::: Given data
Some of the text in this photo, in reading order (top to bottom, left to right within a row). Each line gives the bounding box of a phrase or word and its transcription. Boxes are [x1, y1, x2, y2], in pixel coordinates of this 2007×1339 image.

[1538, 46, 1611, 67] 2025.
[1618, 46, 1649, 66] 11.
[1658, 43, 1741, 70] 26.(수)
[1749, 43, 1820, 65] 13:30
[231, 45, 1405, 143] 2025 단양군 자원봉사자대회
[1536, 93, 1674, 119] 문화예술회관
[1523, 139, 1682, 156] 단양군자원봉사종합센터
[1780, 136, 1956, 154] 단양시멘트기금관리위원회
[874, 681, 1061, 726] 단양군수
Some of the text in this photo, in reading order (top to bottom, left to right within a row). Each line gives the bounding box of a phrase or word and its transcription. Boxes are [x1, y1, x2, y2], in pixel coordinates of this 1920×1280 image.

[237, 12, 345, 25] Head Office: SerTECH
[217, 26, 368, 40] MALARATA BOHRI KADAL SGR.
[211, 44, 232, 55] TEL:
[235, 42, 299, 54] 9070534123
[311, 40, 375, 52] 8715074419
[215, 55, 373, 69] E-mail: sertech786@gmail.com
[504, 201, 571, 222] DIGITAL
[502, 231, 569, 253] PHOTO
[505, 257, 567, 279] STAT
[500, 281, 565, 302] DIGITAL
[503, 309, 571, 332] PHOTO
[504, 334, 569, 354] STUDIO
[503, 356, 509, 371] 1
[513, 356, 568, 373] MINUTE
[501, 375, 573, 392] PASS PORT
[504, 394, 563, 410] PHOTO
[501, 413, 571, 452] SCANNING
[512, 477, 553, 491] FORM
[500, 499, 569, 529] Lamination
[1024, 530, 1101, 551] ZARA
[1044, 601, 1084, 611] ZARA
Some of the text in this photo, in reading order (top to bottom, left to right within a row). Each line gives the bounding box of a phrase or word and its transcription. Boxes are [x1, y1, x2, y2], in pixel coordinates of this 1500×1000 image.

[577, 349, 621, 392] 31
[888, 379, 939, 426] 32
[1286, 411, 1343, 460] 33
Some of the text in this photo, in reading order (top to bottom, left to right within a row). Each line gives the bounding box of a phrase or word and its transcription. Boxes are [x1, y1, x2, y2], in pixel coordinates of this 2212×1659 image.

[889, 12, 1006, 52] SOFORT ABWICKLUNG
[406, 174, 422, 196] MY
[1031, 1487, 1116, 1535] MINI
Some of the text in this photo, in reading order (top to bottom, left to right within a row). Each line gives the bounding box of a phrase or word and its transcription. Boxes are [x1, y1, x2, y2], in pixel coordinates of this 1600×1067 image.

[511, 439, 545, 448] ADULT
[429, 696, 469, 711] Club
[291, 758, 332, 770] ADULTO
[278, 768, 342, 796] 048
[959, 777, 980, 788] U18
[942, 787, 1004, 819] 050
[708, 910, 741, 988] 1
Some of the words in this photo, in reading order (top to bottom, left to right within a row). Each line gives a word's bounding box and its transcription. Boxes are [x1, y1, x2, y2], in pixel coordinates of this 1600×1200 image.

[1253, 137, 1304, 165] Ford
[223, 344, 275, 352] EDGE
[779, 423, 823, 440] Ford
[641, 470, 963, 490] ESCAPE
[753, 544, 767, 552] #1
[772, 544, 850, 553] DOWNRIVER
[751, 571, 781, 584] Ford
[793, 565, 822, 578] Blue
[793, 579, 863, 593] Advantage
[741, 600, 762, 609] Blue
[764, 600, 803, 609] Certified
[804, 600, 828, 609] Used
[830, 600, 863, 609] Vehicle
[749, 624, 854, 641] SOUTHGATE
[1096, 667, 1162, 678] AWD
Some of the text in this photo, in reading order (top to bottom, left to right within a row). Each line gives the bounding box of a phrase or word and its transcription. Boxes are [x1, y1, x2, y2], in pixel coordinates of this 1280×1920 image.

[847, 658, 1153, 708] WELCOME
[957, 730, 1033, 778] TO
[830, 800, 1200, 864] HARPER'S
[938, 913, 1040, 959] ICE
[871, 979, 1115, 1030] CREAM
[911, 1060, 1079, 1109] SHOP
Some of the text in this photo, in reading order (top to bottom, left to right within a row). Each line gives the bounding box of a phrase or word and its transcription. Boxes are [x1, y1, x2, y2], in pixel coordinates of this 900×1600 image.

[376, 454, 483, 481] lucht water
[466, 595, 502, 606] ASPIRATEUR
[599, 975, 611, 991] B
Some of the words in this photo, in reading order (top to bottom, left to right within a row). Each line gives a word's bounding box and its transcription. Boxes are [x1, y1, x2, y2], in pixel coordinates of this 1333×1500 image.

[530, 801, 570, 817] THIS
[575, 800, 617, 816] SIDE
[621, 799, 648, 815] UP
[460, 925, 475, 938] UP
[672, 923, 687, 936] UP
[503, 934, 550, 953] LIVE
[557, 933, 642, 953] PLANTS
::::::
* Activity
Retype every entry word for word.

* Answer below
Some of the text in this photo, in reading order (top to bottom, left to right within a row). Each line gives the bounding box of a phrase or word and its transcription. Boxes are [x1, y1, x2, y2], in pixel coordinates of this 2007×1339 image.

[1538, 46, 1611, 67] 2025.
[1618, 46, 1649, 66] 11.
[1658, 43, 1741, 70] 26.(수)
[1749, 43, 1820, 65] 13:30
[231, 45, 1405, 143] 2025 단양군 자원봉사자대회
[1536, 93, 1674, 119] 문화예술회관
[1523, 139, 1682, 156] 단양군자원봉사종합센터
[1780, 136, 1956, 154] 단양시멘트기금관리위원회
[874, 681, 1061, 726] 단양군수
Some of the text in this photo, in reading order (top to bottom, left to right within a row). Each line gives the bounding box of a phrase or word and its transcription. Boxes are [x1, y1, x2, y2], in pixel coordinates of this 1920×1280 image.

[237, 12, 345, 25] Head Office: SerTECH
[217, 26, 368, 40] MALARATA BOHRI KADAL SGR.
[211, 44, 232, 55] TEL:
[235, 42, 299, 54] 9070534123
[311, 40, 375, 52] 8715074419
[215, 55, 373, 69] E-mail: sertech786@gmail.com
[504, 201, 571, 222] DIGITAL
[502, 231, 569, 253] PHOTO
[505, 257, 567, 279] STAT
[500, 281, 565, 302] DIGITAL
[503, 309, 571, 332] PHOTO
[504, 334, 569, 354] STUDIO
[503, 356, 509, 371] 1
[513, 356, 568, 373] MINUTE
[501, 375, 573, 392] PASS PORT
[504, 394, 563, 410] PHOTO
[501, 413, 571, 452] SCANNING
[512, 477, 553, 491] FORM
[500, 499, 569, 529] Lamination
[1024, 530, 1101, 551] ZARA
[1044, 601, 1084, 611] ZARA
Some of the text in this photo, in reading order (top to bottom, left to right within a row). Each line gives the bounding box of a phrase or word and its transcription. Boxes are [x1, y1, x2, y2], in pixel coordinates of this 1500×1000 image.

[577, 349, 621, 392] 31
[888, 379, 939, 426] 32
[1286, 411, 1343, 460] 33
Some of the text in this photo, in reading order (top to bottom, left to right within a row). Each line gives the bounding box of a phrase or word and its transcription. Boxes are [x1, y1, x2, y2], in pixel coordinates of this 2212×1659 image.

[889, 12, 1006, 52] SOFORT ABWICKLUNG
[406, 174, 422, 196] MY
[1031, 1487, 1116, 1535] MINI
Some of the text in this photo, in reading order (top to bottom, left to right within a row). Each line gives the bounding box of a phrase or word and its transcription. Boxes are [x1, y1, x2, y2], in pixel coordinates of this 1600×1067 image.

[511, 439, 545, 448] ADULT
[429, 696, 469, 711] Club
[291, 758, 332, 770] ADULTO
[278, 768, 342, 796] 048
[959, 777, 980, 788] U18
[942, 787, 1004, 819] 050
[708, 910, 741, 988] 1
Some of the words in this photo, in reading order (top to bottom, left to right within a row). Each line gives a word's bounding box and its transcription. Boxes are [x1, y1, x2, y2], in pixel coordinates of this 1600×1200 image.

[1253, 137, 1304, 165] Ford
[223, 344, 275, 352] EDGE
[779, 423, 823, 440] Ford
[641, 470, 963, 490] ESCAPE
[753, 544, 767, 552] #1
[772, 544, 850, 553] DOWNRIVER
[751, 571, 781, 584] Ford
[793, 565, 822, 578] Blue
[793, 579, 863, 593] Advantage
[741, 600, 762, 609] Blue
[764, 600, 803, 609] Certified
[804, 600, 828, 609] Used
[830, 600, 863, 609] Vehicle
[749, 624, 854, 641] SOUTHGATE
[1096, 667, 1162, 678] AWD
Some of the text in this photo, in reading order (top to bottom, left to right within a row). Each line gives the bounding box of a phrase or word and its transcription. Boxes are [x1, y1, x2, y2], in pixel coordinates of this 1280×1920 image.

[847, 658, 1153, 708] WELCOME
[957, 730, 1033, 778] TO
[830, 800, 1200, 864] HARPER'S
[938, 913, 1040, 959] ICE
[871, 979, 1115, 1030] CREAM
[911, 1060, 1079, 1109] SHOP
Some of the text in this photo, in reading order (top to bottom, left to right within a row). Each line gives the bounding box of a phrase or word and its transcription. Boxes are [x1, y1, x2, y2], in pixel coordinates of this 900×1600 image.

[376, 454, 483, 481] lucht water
[466, 595, 502, 606] ASPIRATEUR
[599, 975, 611, 991] B
Some of the words in this photo, in reading order (top to bottom, left to right within a row). Each line gives a word's bounding box and its transcription. Boxes are [x1, y1, x2, y2], in pixel coordinates of this 1333×1500 image.

[530, 801, 570, 817] THIS
[575, 800, 617, 816] SIDE
[621, 799, 648, 815] UP
[460, 925, 475, 938] UP
[672, 923, 687, 936] UP
[503, 934, 550, 953] LIVE
[557, 933, 642, 953] PLANTS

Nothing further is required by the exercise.